Record number of Native Americans running for office in midterms

Deb Haaland worked on President Obama's 2008 campaign before chairing New Mexico's Democratic Party. Now she's running for office with a record number of other Native Americans across the country. Juan Labreche/AP

By Leila Fadel and Talia Wiener/NPR

On a recent afternoon in Albuquerque, N.M., Deb Haaland sits with a thick stack of paper in front of her, calling donors to thank them for their contributions and to ask them for more money. After winning her Democratic primary, Haaland, a member of the Pueblo of Laguna, is running for the U.S. House in a strongly Democratic district in New Mexico. That means she may soon be the first Native American woman in Congress.
“Somebody has to be the first,” she says as she walks through the southeast neighborhood where her office is. “Native women, I mean we’ve been on the frontlines for a long, long time. Think of all the native women who have fought for treaty rights and fishing rights and all of those things.”
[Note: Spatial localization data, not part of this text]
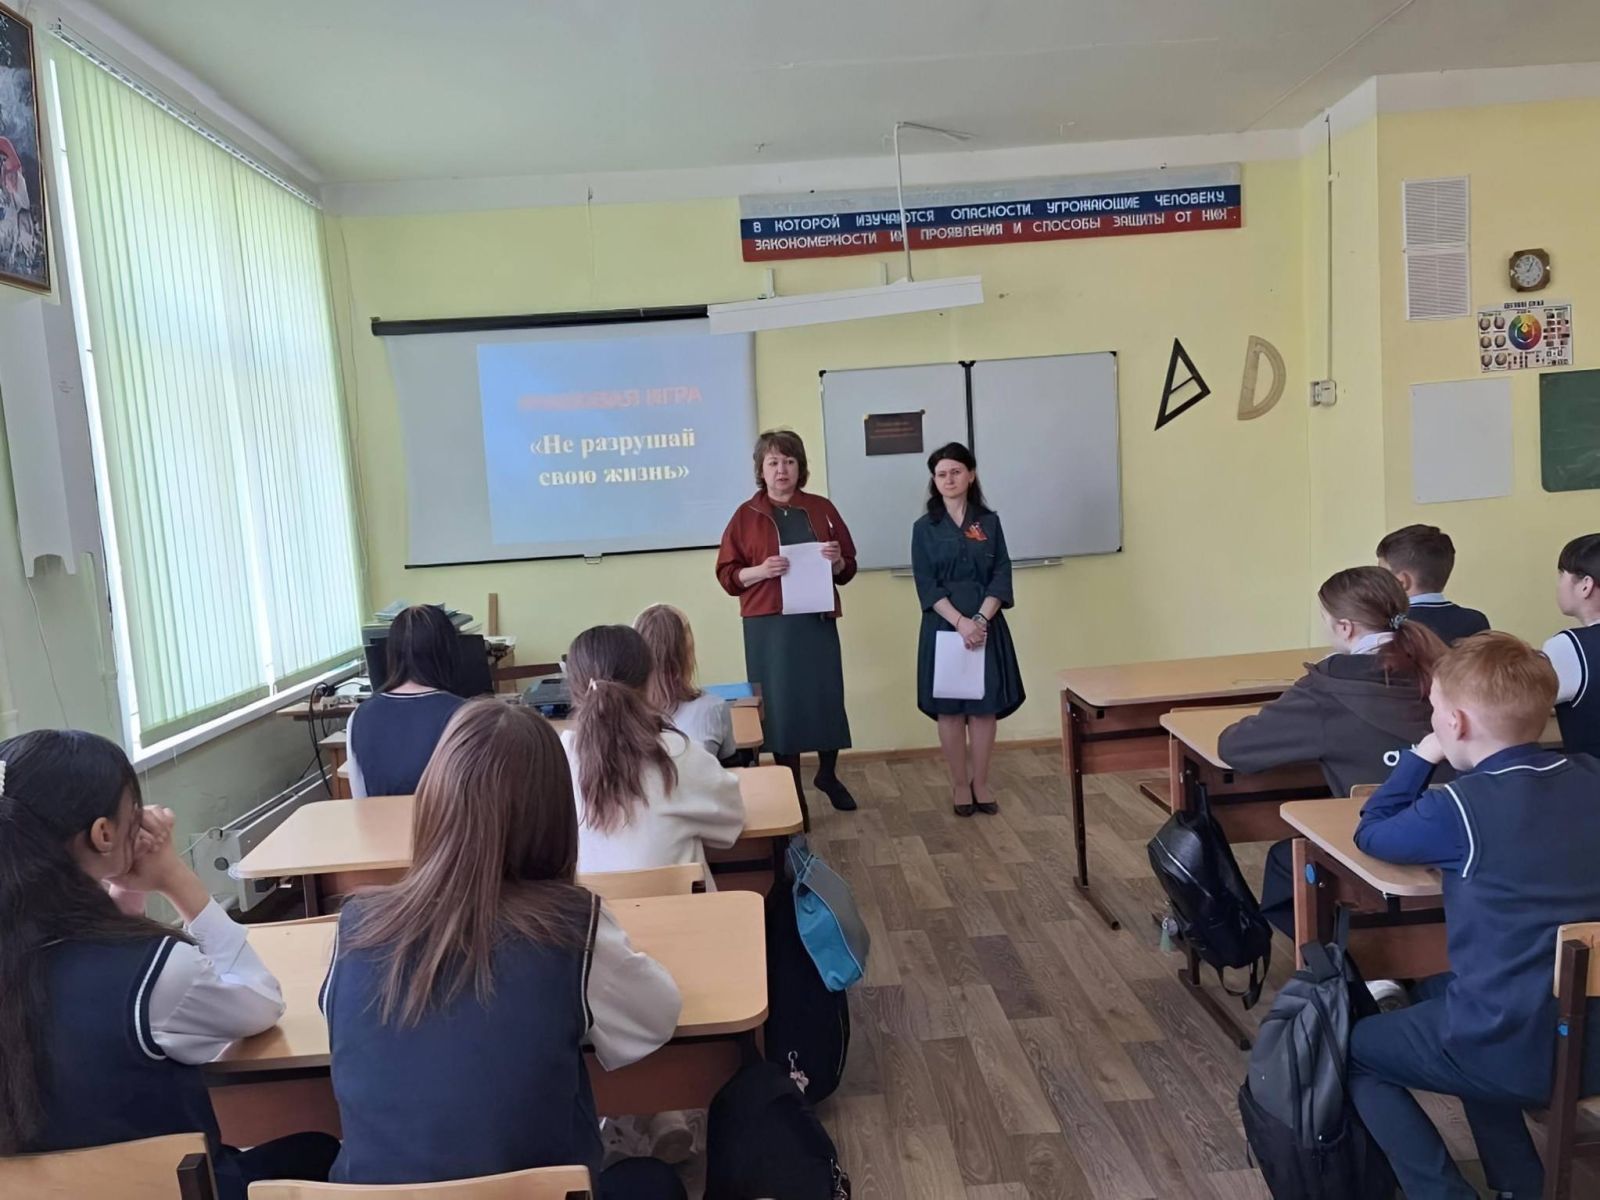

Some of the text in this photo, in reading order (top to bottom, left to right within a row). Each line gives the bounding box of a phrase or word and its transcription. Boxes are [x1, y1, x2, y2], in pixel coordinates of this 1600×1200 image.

[753, 221, 762, 233] В
[774, 214, 841, 232] КОТОРОЙ
[1046, 196, 1140, 213] УГРОЖАЮЩИЕ
[754, 231, 877, 251] ЗАКОНОМЕРНОСТИ
[920, 222, 1003, 241] ПРОЯВЛЕНИЯ
[1013, 221, 1022, 234] И
[1032, 217, 1101, 233] СПОСОБЫ
[1113, 212, 1165, 227] ЗАЩИТЫ
[1174, 210, 1192, 223] ОТ
[530, 428, 696, 459] «Не разрушай
[539, 465, 690, 487] свою жизнь»
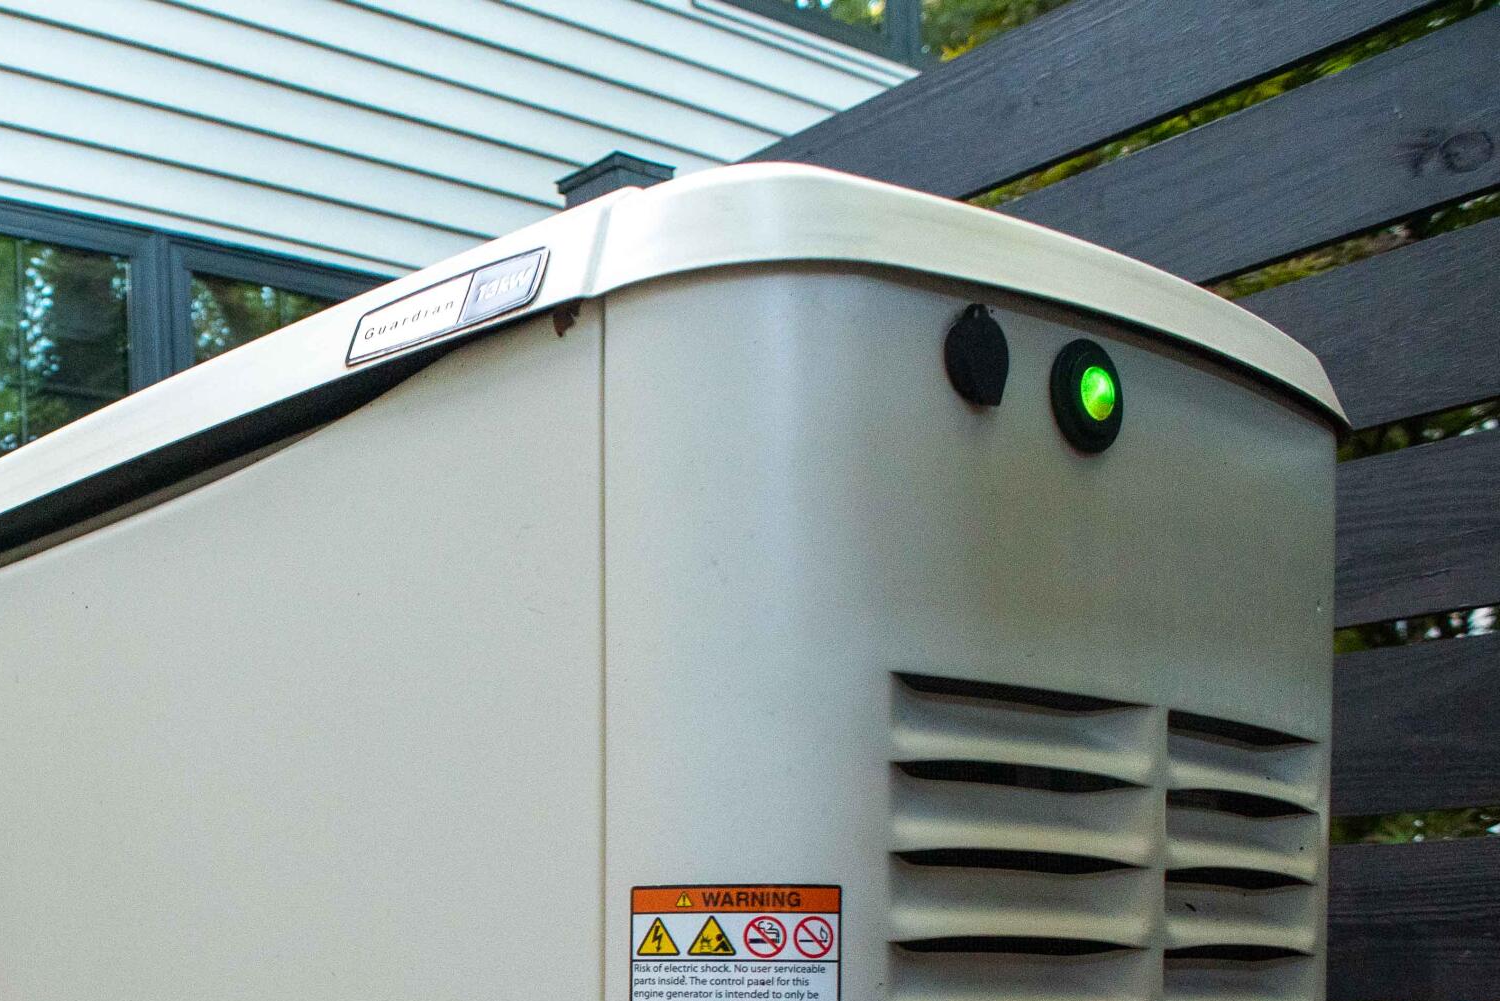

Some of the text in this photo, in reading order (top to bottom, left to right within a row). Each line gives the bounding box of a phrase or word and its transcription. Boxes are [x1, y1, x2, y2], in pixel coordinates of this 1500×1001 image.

[364, 299, 454, 340] Guardian
[701, 891, 802, 908] WARNING
[633, 964, 652, 973] Risk
[652, 964, 663, 973] of
[663, 964, 699, 973] electric
[700, 964, 732, 973] shock.
[733, 964, 749, 973] No
[773, 964, 826, 974] serviceable
[633, 976, 809, 988] parts inside. The control panel for this
[633, 989, 819, 1001] engine generator is intended to only be
Haaland worked on President Obama’s 2008 campaign before chairing the state’s Democratic Party. But after thinking a woman would become president in 2016 and feeling let down, she says she decided to run for federal office. Because she says, she understands what it is to be working class in the United States. “I identified with so much of what people go through in this district and in the state. Half of our population is Medicaid eligible,” she says. “I know what it’s like to be on food stamps. My daughter and I both are paying off our student loans. So, I just felt like I know what it’s like and we need more people who know what it’s like to struggle.”